ENH Array API support for PCA #26315

mtsokol · 2023-05-01T22:13:07Z

Reference Issues/PRs

Based on #25956

What does this implement/fix? Explain your changes.

This PR adds PyTorch support (via array_api_compat) for PCA. It changes heavy operations (i.e. svd) to use proper backend, based on passed array type. Also a unit test is added to assert that PyTorch output is the same as NumPy one.

Solvers support:

	NumPy	PyTorch
full	yes	yes
randomized	yes	refactor required to adjust `randomized` to array_api
arpack	yes	no

The arpack solver uses svds which is not supported by PyTorch (the closest method that I found was torch.svd_lowrank that is meant to be used for sparse matrices, but it only computes an approximation). Should I just throw an exception with proper description? (that arpack for PyTorch tensors is not supported)

Similar case occurs for randomized solver. The randomized_svd is using lu method for decomposition, whose API differs between SciPy and PyTorch (here, the implementation uses permute_l=True parameter that returns PL, U instead of P, L, U. The PyTorch implementation doesn't support this parameter. Moreover Numpy.linalg does not provide lu). Therefore supporting randomized would require explicitly checking if PyTorch backend is present.

Any other comments?

Please share your feedback!

TODO

Improve test coverage for error messages for the unsupported cases
Manually run the cupy and torch tests on a machine with cuda
Measure performance impact
- on CPU with torch
- on GPU with torch
- on GPU with cupy
Rework the tooling to make it possible to test estimator specific methods (e.g. the get_covariance / get_precision methods)

Benchmark results

Data shape (500000, 1000) and dtype float32 of size 2000.0 MB
PCA(n_components=5, svd_solver='randomized', power_iteration_normalizer='QR')
Fitting PCA(n_components=5) with numpy took 42.591s
Fitting PCA(n_components=5) with numpy and n_threads=1 took 18.953s
Fitting PCA(n_components=5) with numpy and n_threads=4 took 44.034s
Fitting PCA(n_components=5) with torch on CPU took 4.163s
Fitting PCA(n_components=5) with torch on GPU took 0.888s
Fitting PCA(n_components=5) with cupy on GPU took 0.934s

=> numpy with MKL has a thread-related performance problem with float32 data!

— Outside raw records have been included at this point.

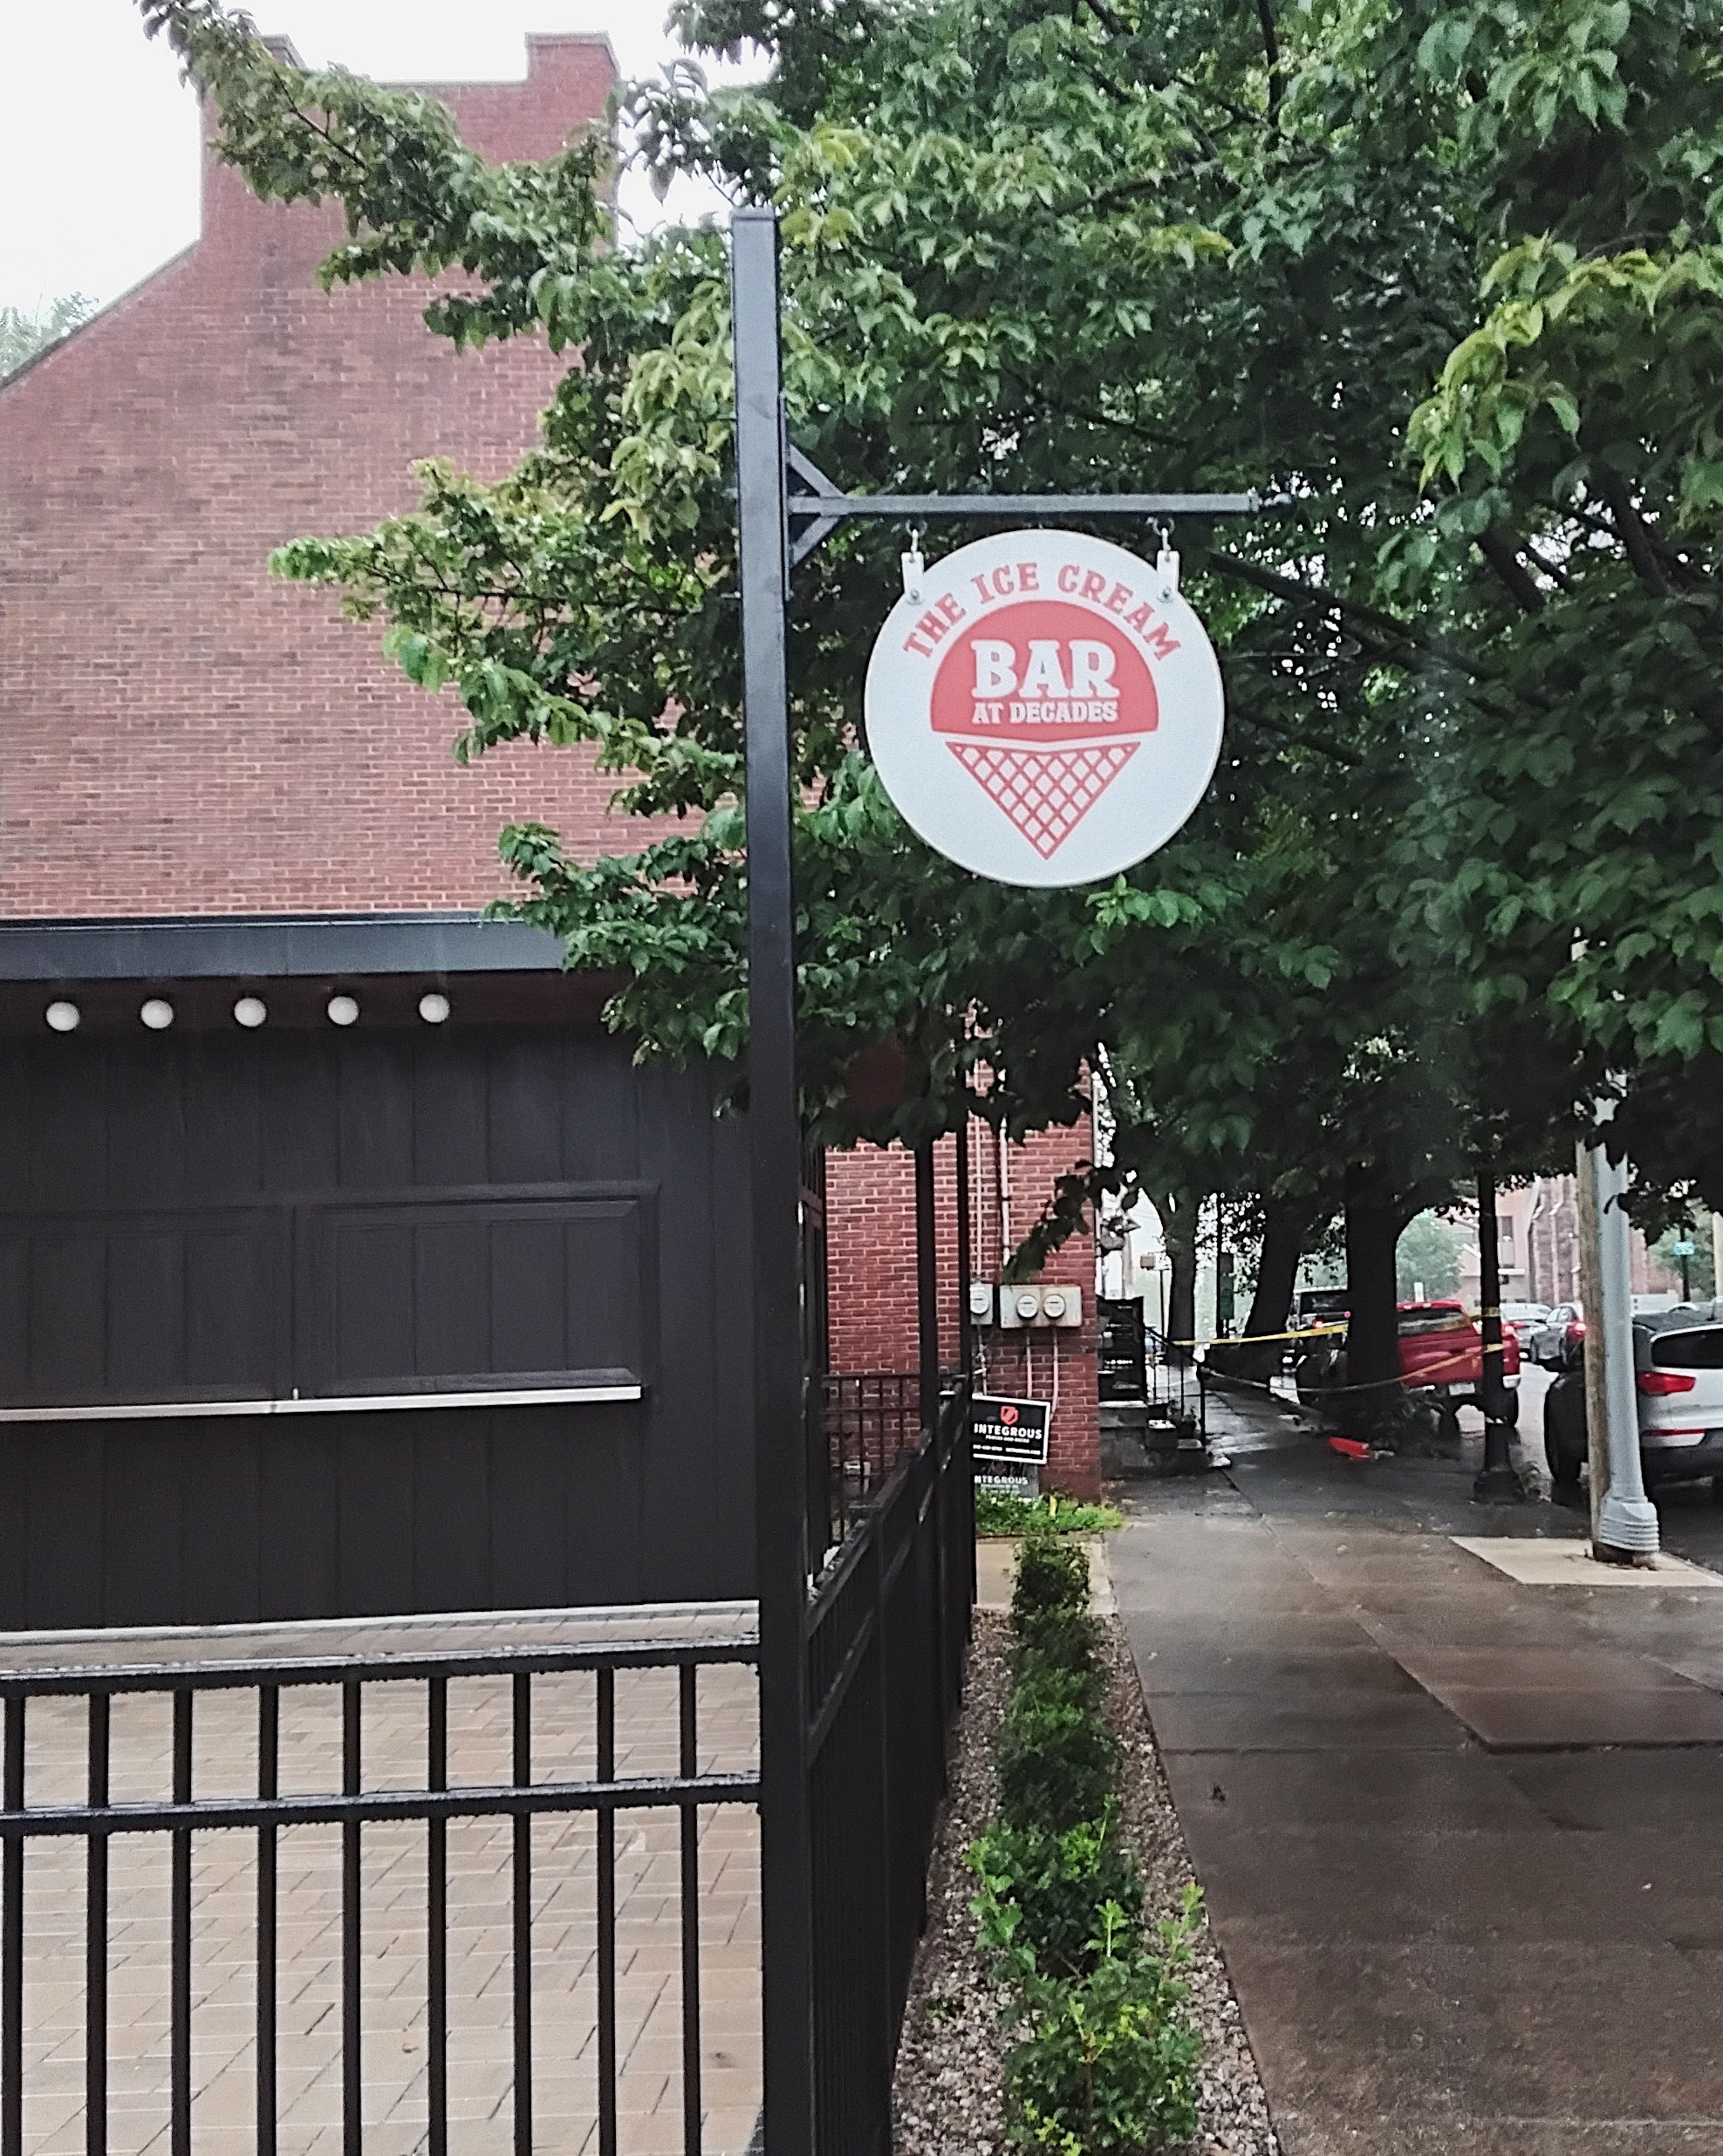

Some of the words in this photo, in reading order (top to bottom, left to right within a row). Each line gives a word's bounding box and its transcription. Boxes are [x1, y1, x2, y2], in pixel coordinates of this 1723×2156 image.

[903, 594, 966, 658] THE
[972, 563, 1039, 604] ICE
[1058, 565, 1180, 660] CREAM
[971, 639, 1119, 697] BAR
[972, 703, 1003, 724] AT
[1010, 701, 1118, 722] DECADES
[974, 1423, 1042, 1439] INTEGROUS
[974, 1475, 1029, 1484] NTEGROUS

EDIT: I tried with OpenBLAS and the numpy code runs in 6 to 8s (not exactly the same machine though). So there is definitely a problem between numpy and MKL on float32 data for this workload.

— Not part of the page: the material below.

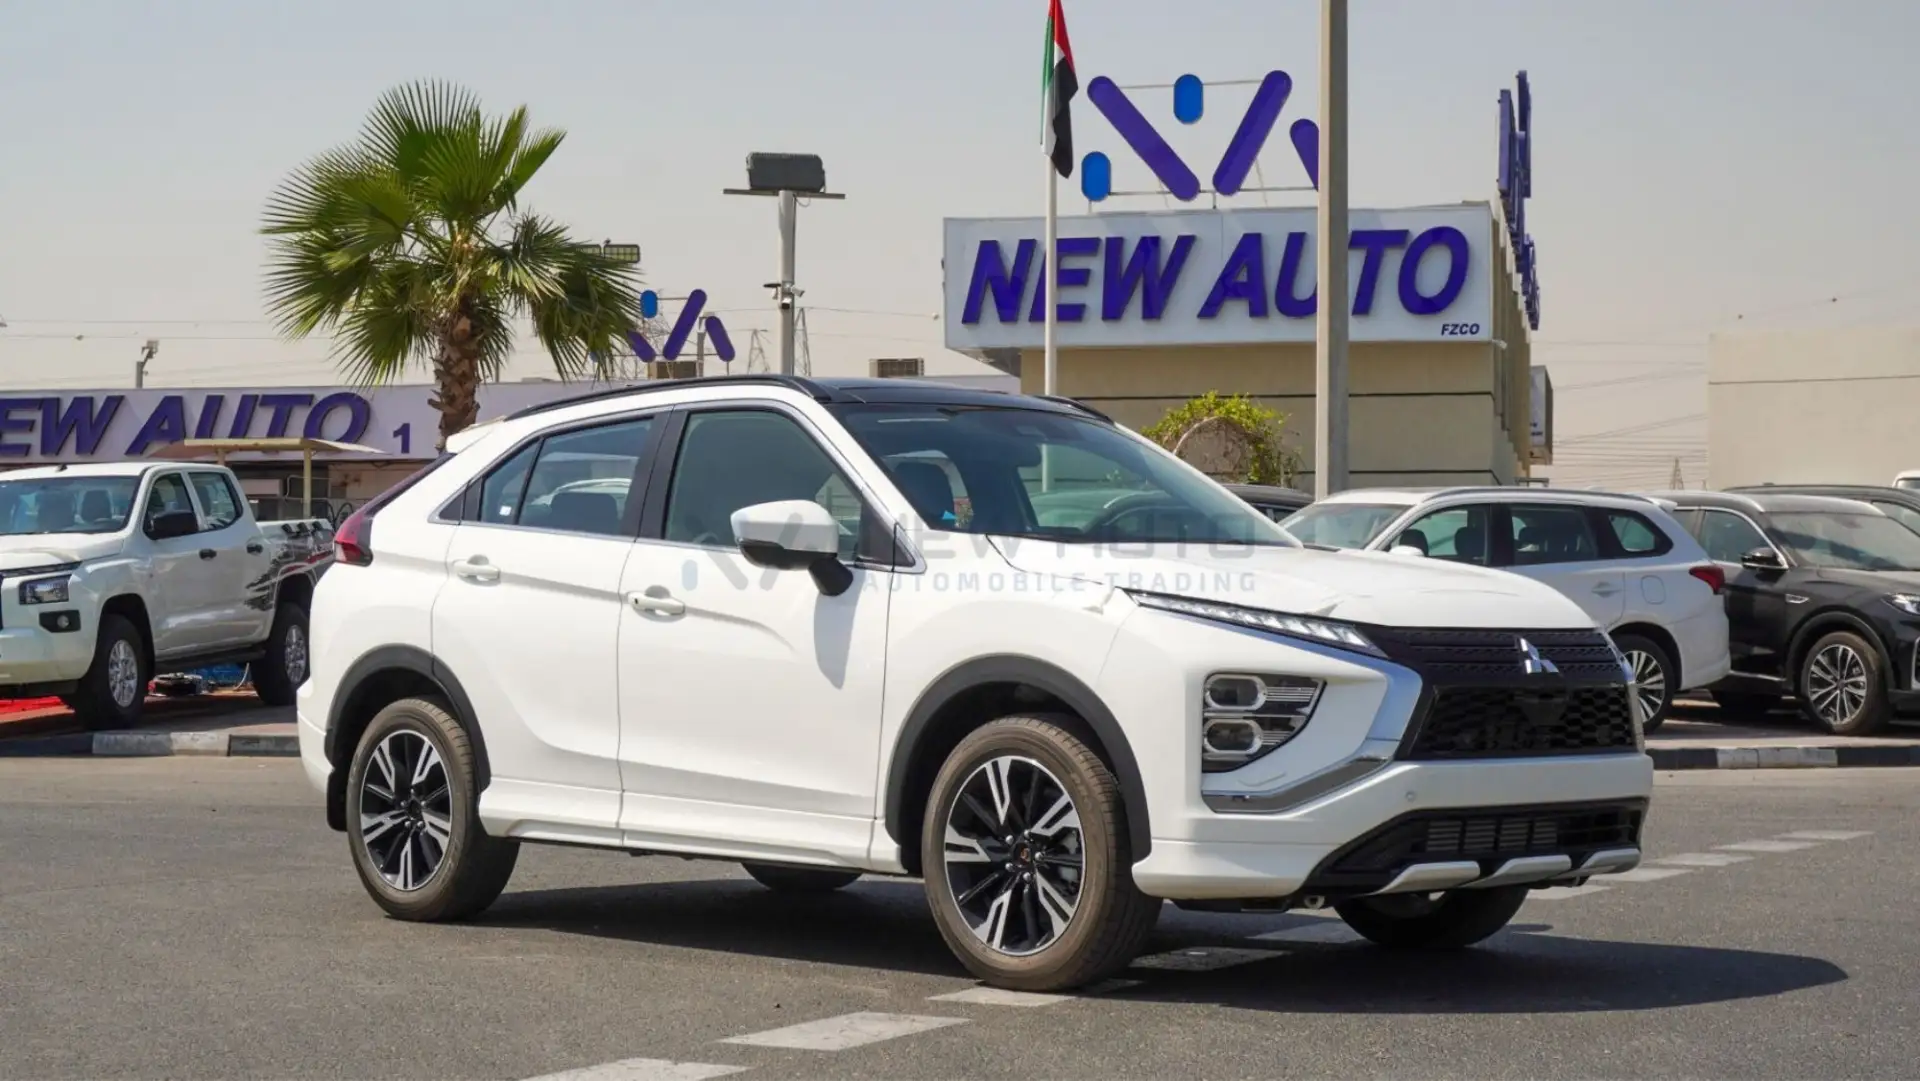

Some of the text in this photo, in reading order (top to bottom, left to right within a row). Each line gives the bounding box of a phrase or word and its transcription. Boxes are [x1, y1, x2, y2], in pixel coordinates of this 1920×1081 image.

Data shape (500000, 1000) and dtype float64 of size 4000.0 MB
PCA(n_components=5, svd_solver='randomized', power_iteration_normalizer='QR')
Fitting PCA(n_components=5) with numpy took 6.847s
Fitting PCA(n_components=5) with numpy and n_threads=1 took 31.415s
Fitting PCA(n_components=5) with numpy and n_threads=4 took 12.627s
Fitting PCA(n_components=5) with torch on CPU took 4.229s
Fitting PCA(n_components=5) with torch on GPU took 0.912s
Fitting PCA(n_components=5) with cupy on GPU took 0.412s

Data shape (500000, 1000) and dtype float32 of size 2000.0 MB
PCA(n_components=5, svd_solver='full')
Fitting PCA(n_components=5) with numpy took 24.863s
Fitting PCA(n_components=5) with torch on CPU took 8.832s
Fitting PCA(n_components=5) with torch on GPU took 1.513s
Fitting PCA(n_components=5) with cupy on GPU took 4.109s
Fitting PCA(n_components=5) with cupy with cuML on GPU took 0.683s

Environment:

[{'filepath': '/data/parietal/store3/work/ogrisel/mambaforge/envs/py310/lib/libomp.so',
  'internal_api': 'openmp',
  'num_threads': 48,
  'prefix': 'libomp',
  'user_api': 'openmp',
  'version': None},
 {'filepath': '/data/parietal/store3/work/ogrisel/mambaforge/envs/py310/lib/libmkl_rt.so.2',
  'internal_api': 'mkl',
  'num_threads': 48,
  'prefix': 'libmkl_rt',
  'threading_layer': 'gnu',
  'user_api': 'blas',
  'version': '2022.1-Product'}]

This machine has a 48 physical core CPU and a NVIDIA A100 GPU.

Benchmark script:

https://gist.github.com/ogrisel/44bae6f8988abacae358c047d3ecc147

mtsokol · 2023-05-03T12:14:34Z

One more question regarding np.flat method. In the get_covariance method the np.flat is used to modify array's diagonal. PyTorch offers torch.view instead for that purpose, but Numpy's view is completely different (only changing dtype).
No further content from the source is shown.